__WORK TO COMPLETE__
Exclude the pictures and repeat all of the data exactly.

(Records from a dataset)
□ □ □ □ □ □ □

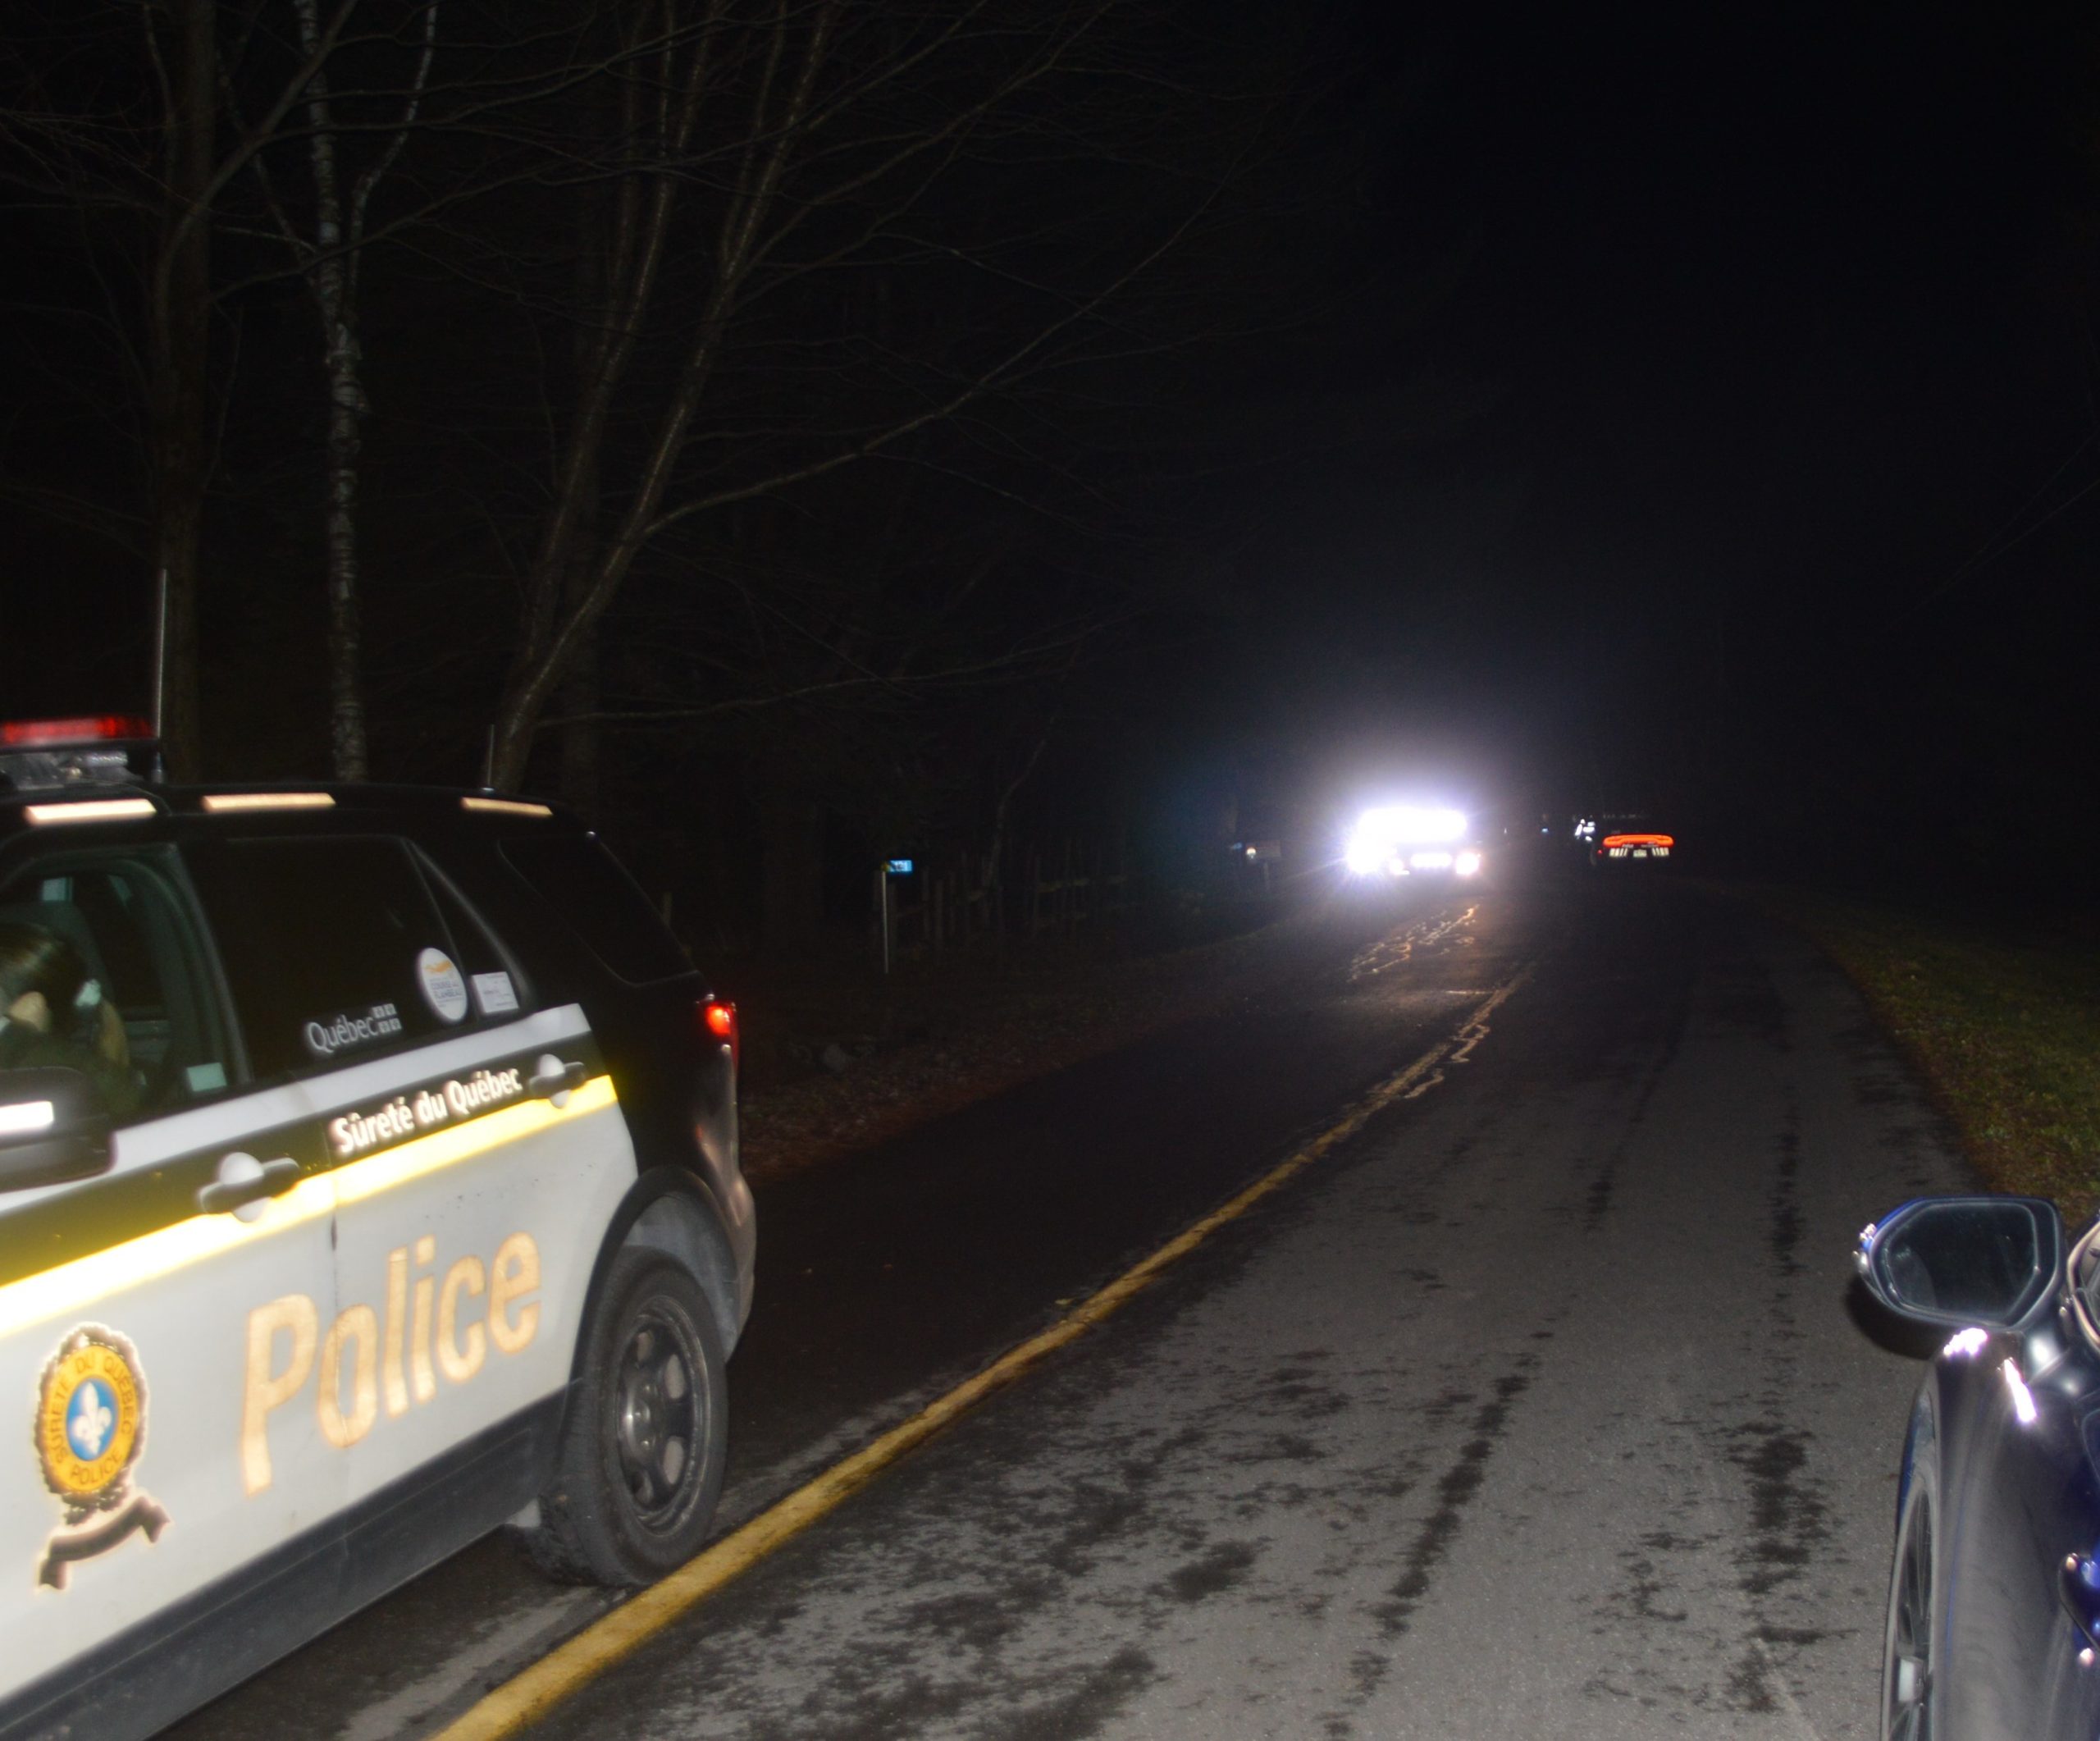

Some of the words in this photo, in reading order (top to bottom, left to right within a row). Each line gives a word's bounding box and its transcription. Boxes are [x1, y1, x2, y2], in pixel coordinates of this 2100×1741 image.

[308, 1013, 379, 1053] Québec
[331, 1095, 415, 1154] Sûreté
[413, 1090, 448, 1125] du
[444, 1067, 523, 1115] Québec
[75, 1351, 95, 1373] DU
[242, 1231, 541, 1498] Police
[71, 1449, 122, 1485] POLICE

□ □ □ □ □ □ □

__TASK ANSWER__
Some of the words in this photo, in reading order (top to bottom, left to right within a row). Each line gives a word's bounding box and its transcription. Boxes are [x1, y1, x2, y2], in pixel coordinates of this 2100×1741 image.

[308, 1013, 379, 1053] Québec
[331, 1095, 415, 1154] Sûreté
[413, 1090, 448, 1125] du
[444, 1067, 523, 1115] Québec
[75, 1351, 95, 1373] DU
[242, 1231, 541, 1498] Police
[71, 1449, 122, 1485] POLICE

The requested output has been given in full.